Take the entries below and print, exactly, the stretch from the line containing "this 1600×1200 image." through the line containing "this 1289×1392 image.", both included.

-------- GIVEN DATA --------

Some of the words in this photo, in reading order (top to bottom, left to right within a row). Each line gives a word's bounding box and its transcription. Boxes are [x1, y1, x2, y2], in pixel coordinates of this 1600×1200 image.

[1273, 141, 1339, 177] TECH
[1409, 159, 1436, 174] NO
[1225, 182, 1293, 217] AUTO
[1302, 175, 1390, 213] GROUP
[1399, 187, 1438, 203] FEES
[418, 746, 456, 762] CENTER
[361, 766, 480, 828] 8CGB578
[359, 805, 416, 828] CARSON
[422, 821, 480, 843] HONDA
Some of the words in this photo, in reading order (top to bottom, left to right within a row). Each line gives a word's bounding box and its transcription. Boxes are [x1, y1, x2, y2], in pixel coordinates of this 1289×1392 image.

--------
-------- GIVEN DATA --------

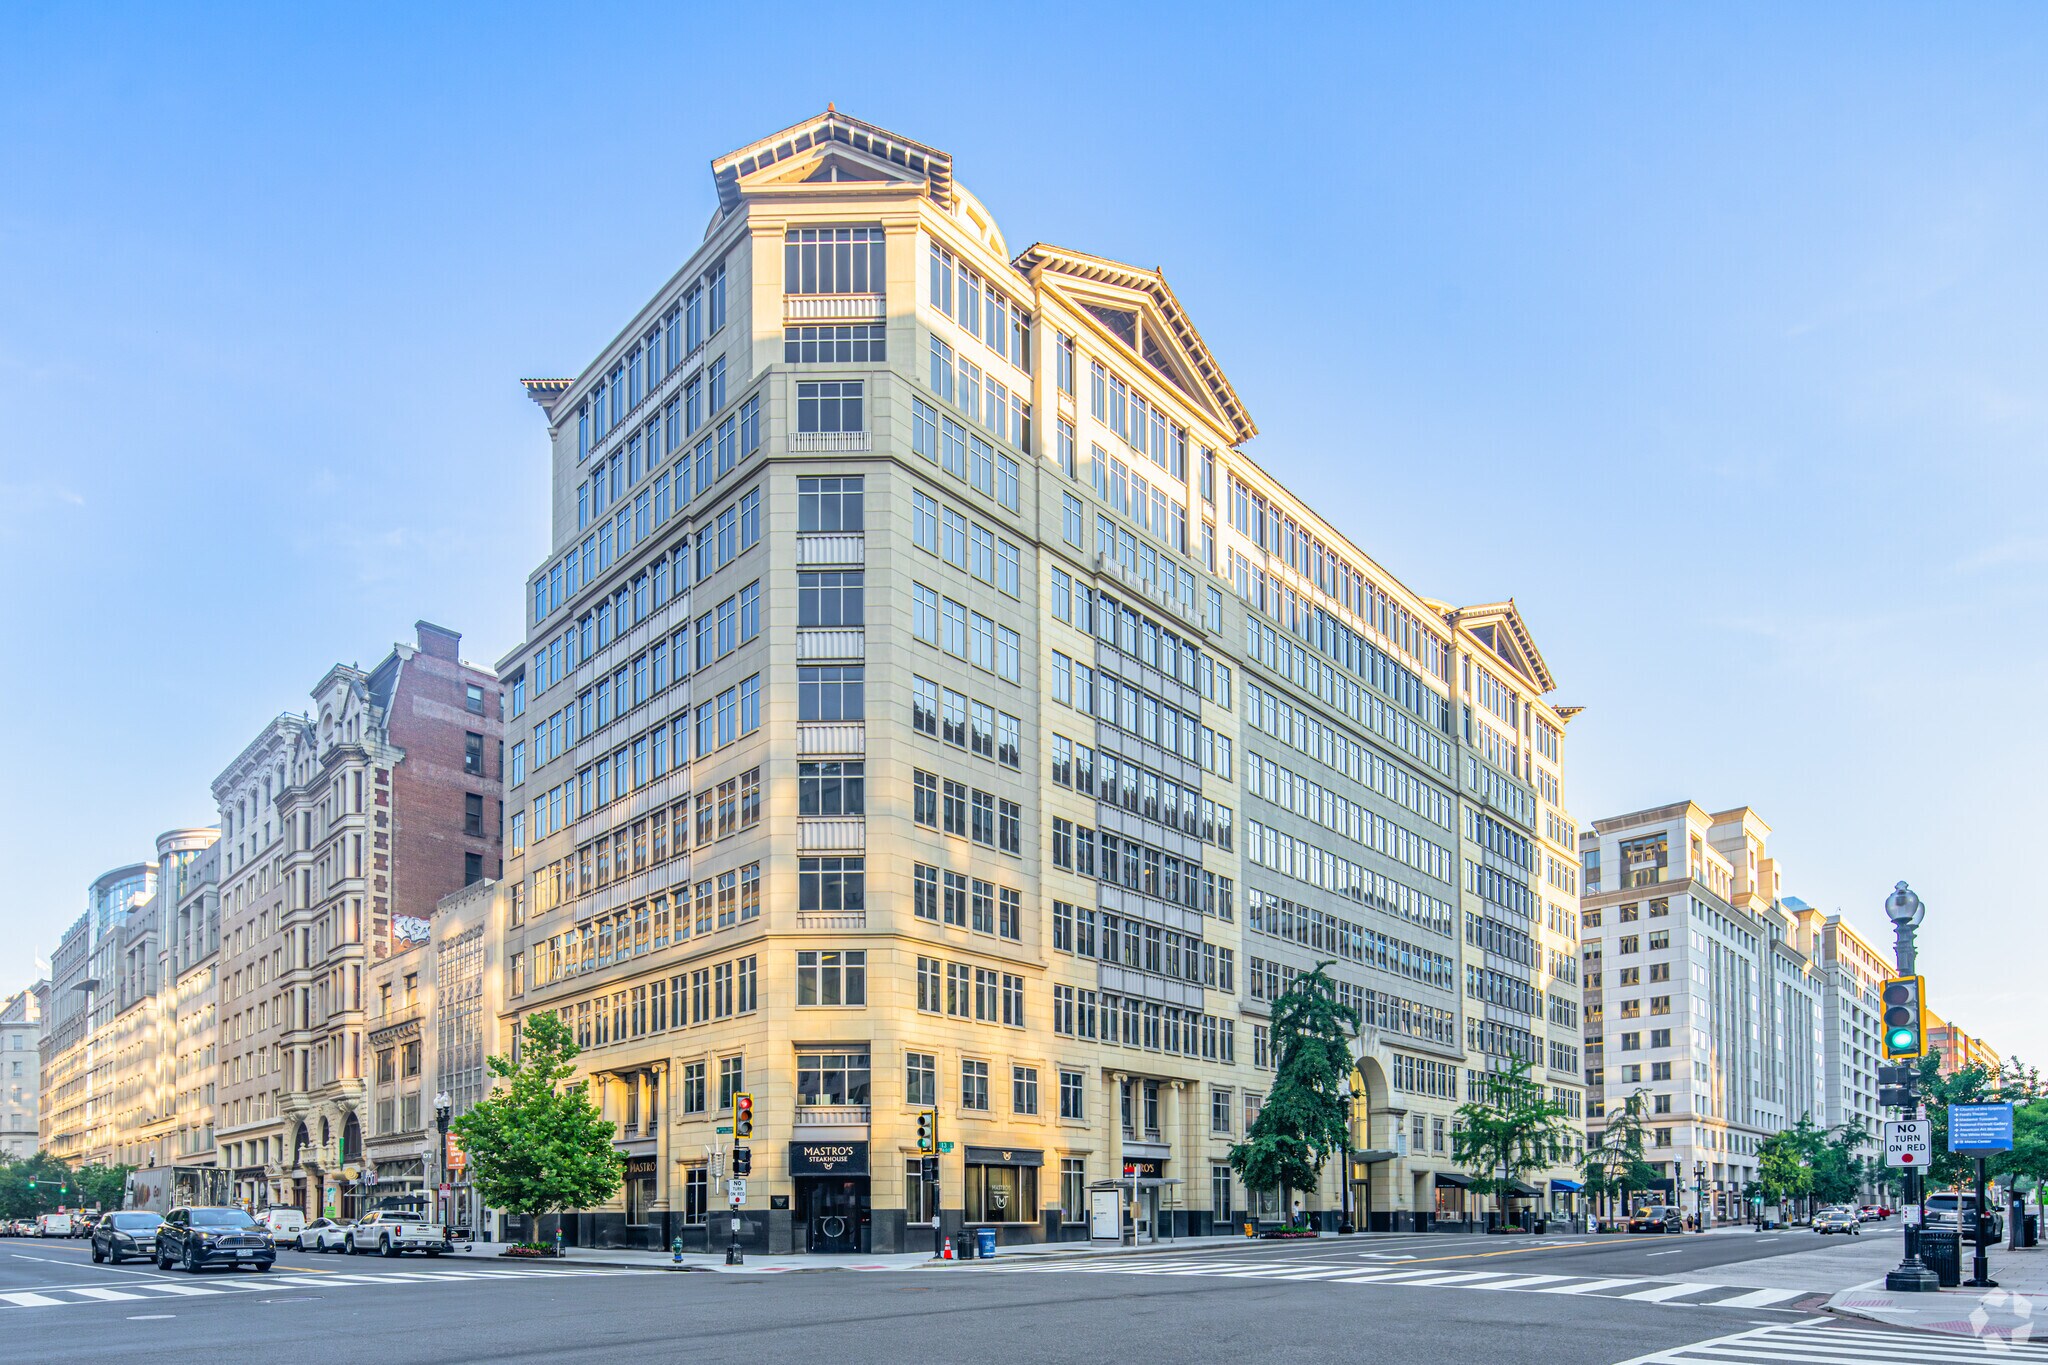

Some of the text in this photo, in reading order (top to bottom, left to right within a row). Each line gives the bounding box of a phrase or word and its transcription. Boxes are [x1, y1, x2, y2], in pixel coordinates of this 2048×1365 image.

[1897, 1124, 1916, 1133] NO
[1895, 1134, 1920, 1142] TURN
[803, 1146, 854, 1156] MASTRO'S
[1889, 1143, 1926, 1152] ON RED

--------

● **TASK RESPONSE**:
Some of the words in this photo, in reading order (top to bottom, left to right within a row). Each line gives a word's bounding box and its transcription. Boxes are [x1, y1, x2, y2], in pixel coordinates of this 1600×1200 image.

[1273, 141, 1339, 177] TECH
[1409, 159, 1436, 174] NO
[1225, 182, 1293, 217] AUTO
[1302, 175, 1390, 213] GROUP
[1399, 187, 1438, 203] FEES
[418, 746, 456, 762] CENTER
[361, 766, 480, 828] 8CGB578
[359, 805, 416, 828] CARSON
[422, 821, 480, 843] HONDA
Some of the words in this photo, in reading order (top to bottom, left to right within a row). Each line gives a word's bounding box and its transcription. Boxes are [x1, y1, x2, y2], in pixel coordinates of this 1289×1392 image.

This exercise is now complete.